Canadian radio host slams caller claiming Pride is 'stuffed down our throats'

Host Reshmi Nair questioned a caller who opposed rainbow flags being "everywhere."

A Canada, LGBT Pride flag waving together during a Pride Festival

On Monday, a Toronto-based radio show host hit back at a caller over comments about the Canadian government annoucing a $1.5 million emergency fund to help Pride organizations cover security costs.

Reshmi Nair, the host of The Rush on NewsTalk1010, questioned a caller who opposed rainbow flags being everywhere and said safe spaces are "nonsense."

In the segment on security funding for Pride, a caller who identified himself as Richard began by saying what he thought was "the problem."

"Canada’s always been a safe space. We didn't care before when people were gay, we didn't care before if people were trans," Richard claimed. "They did what they did behind closed doors... now it's stuffed down our throats 24/7."

Richard continued to say he doesn't want his tax dollars spent on something he disagrees with, adding he doesn't go around stressing "the fact that I’m a heterosexual."

Heart shape made out of two diverse ethnicity hands with a background of a gay pride flag. White and black hands.
The radio host who said she is proud to be an ally, questioned a caller's homophobic comments. (Getty Images)

Nair asked the caller whether he knew a gay person, to which Richard responded saying he knows "several" from school and "saw them get picked on."

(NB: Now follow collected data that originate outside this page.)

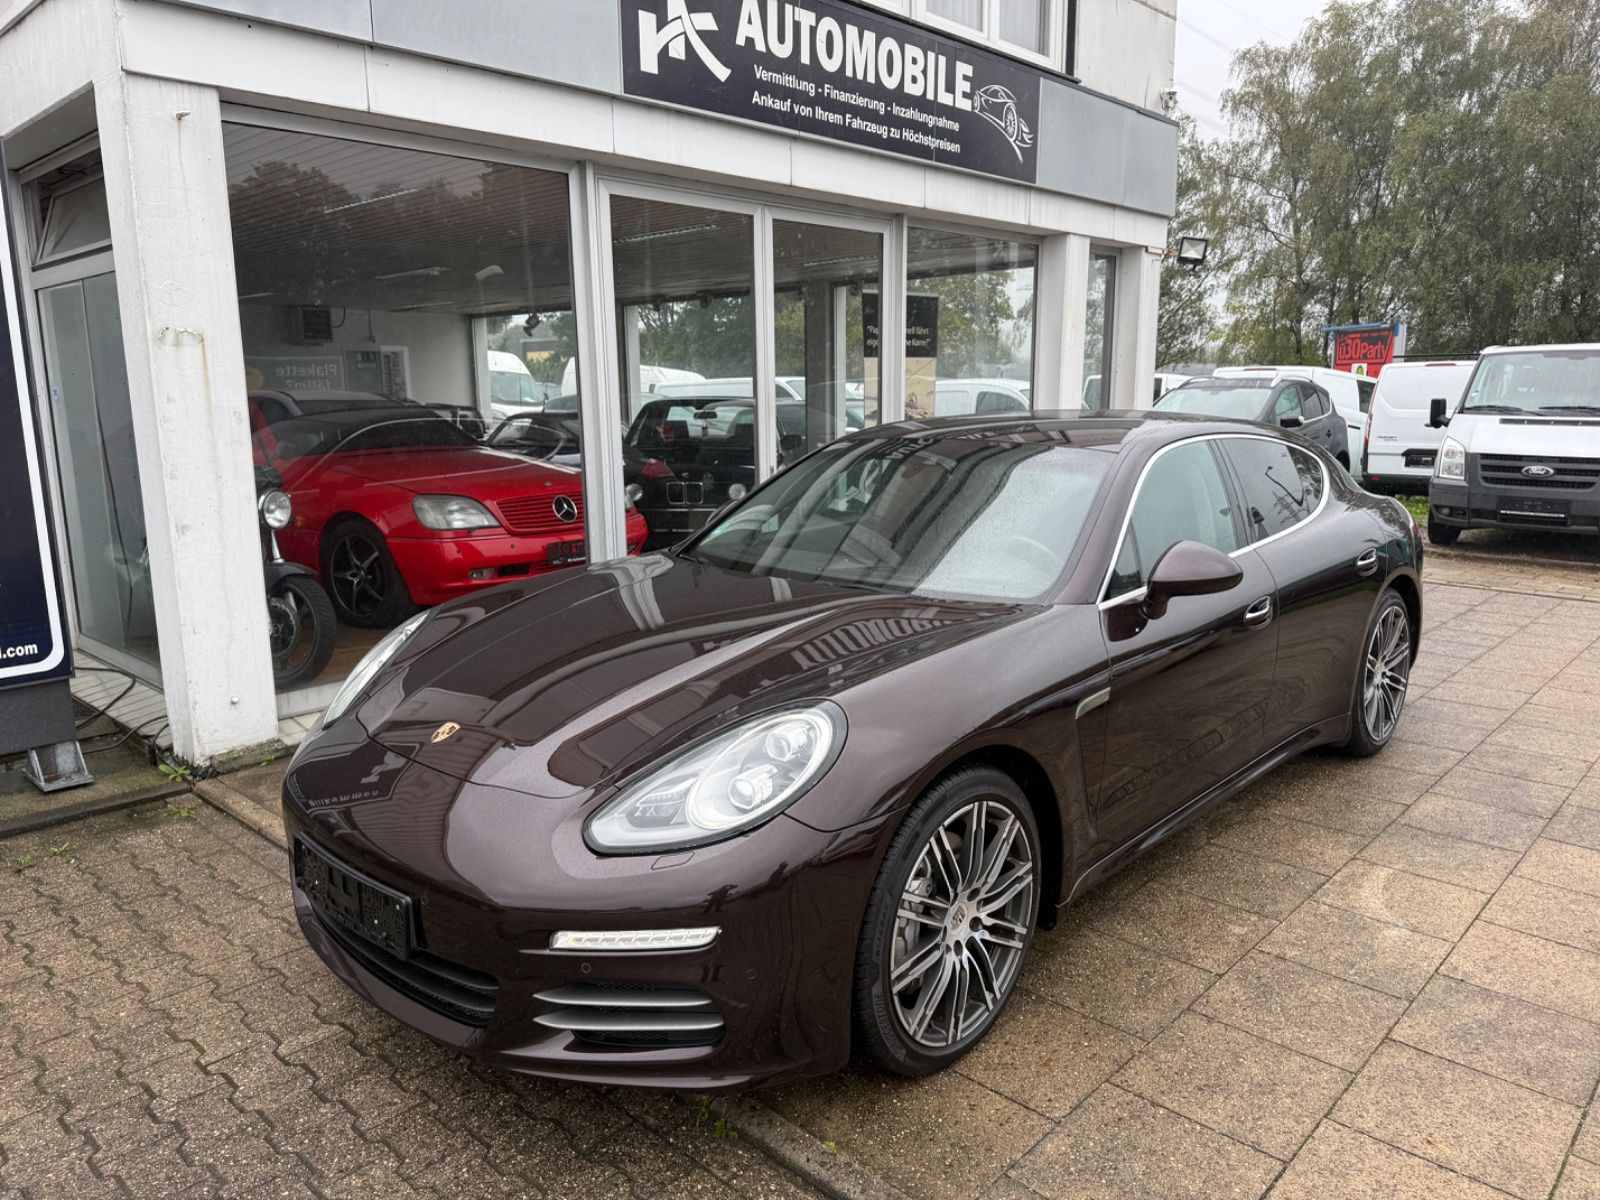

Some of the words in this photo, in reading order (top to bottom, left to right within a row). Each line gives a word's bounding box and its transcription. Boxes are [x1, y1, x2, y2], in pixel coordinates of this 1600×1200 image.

[735, 0, 973, 112] AUTOMOBILE
[752, 90, 791, 112] Ankauf
[793, 103, 813, 117] von
[815, 105, 844, 125] Ihrem
[845, 113, 887, 138] Fahrzeug
[889, 128, 900, 139] zu
[902, 127, 960, 153] Höchstpreisen
[753, 64, 815, 97] Vermittlung
[824, 84, 885, 115] Finanzierung
[892, 102, 960, 131] Inzahlungnahme

But, he continued to say that safe spaces are "nonsense."

"We have to put a flag on the front of our store so that you're welcome to come in? You've always been welcome. The only difference is that you walk around expecting to get a certain treatment — a better treatment."

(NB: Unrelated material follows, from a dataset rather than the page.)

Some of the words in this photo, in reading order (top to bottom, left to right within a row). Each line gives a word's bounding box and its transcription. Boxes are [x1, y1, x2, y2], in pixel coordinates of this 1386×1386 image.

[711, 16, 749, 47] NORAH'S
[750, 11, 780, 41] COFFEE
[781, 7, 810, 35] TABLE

Nair explained to Richard that "'keeping it to yourself' is not equality," which the caller disagreed with.

"The government should not worry about your personal life," the caller added.

"I celebrate my heterosexual-ness with my wife in my home," he said, to which Nair laughed.

"So why is it that this little group has to constantly tell us that they're victimized?," he added.

Richard then continued to say things have changed since the '70s (when he says he witnessed gay people being picked on) and that doesn't happen anymore.

Close up of LGBT pin in the form of a flag with Canada pin is pinned on blue jeans jacket. LGBT rights in Canada concept.
The caller claimed things 'have changed' in Canada for LGBTQ+ folks since the 70s, but the host disagreed. (Getty Images)

Richard then also said schools are trying to "get kids to come out for no reason whatsoever."

"You mentioned earlier that you didn't mind that your child uses a pronoun or whatever — that's child abuse," he claimed to the radio host.

"We need to teach our kids you're a boy, you're a girl."

Nair cut Richard off after saying "producers are telling me to move on," and picked up on another caller, who told Nair "that last caller is the problem."

This heated debate came after a phone call with the organizer of Toronto Pride, who advocated for the government funding.

Nair implied if it wasn't for people who are doing the harassing and threatening, there wouldn't be a need to spend tax dollars on this.

"We had people protesting for freedoms in this country — I'm going there," Nair said, referring to the COVID-19 "Freedom Convoy" that saw thousands descend into Ottawa in 2022.

"Shouldn't those people be protesting the same freedoms right now? Shouldn't we all be honking our horns... making sure that people of the 2SLGBTQI+ communities can walk around proudly?

"They're asking for the month of June, but couldn't it be longer?"

Pride and Trans Flag waving in the wind in a downtown urban setting.  Office buildings can be seen behind.
Pride and Trans Flag waving in the wind in a downtown urban setting. Office buildings can be seen behind.

Nair said not only are members of the community being targeted, but now, so are allies.

"Who is calling someone they don't know to say hateful things about something they don't know?"

Toronto Pride is one of the biggest pride festivals in the world, Nair said, but the funding isn't intended only for that one.

"It is necessary for the smaller pride events in the smaller communities where people are advertising events... and those people are receiving phone calls of harassment from people who hate," Nair said.

"The financial cost is increasing because of these people... tell them to stop and we won't have to spend $1.5 million extra for security at pride events."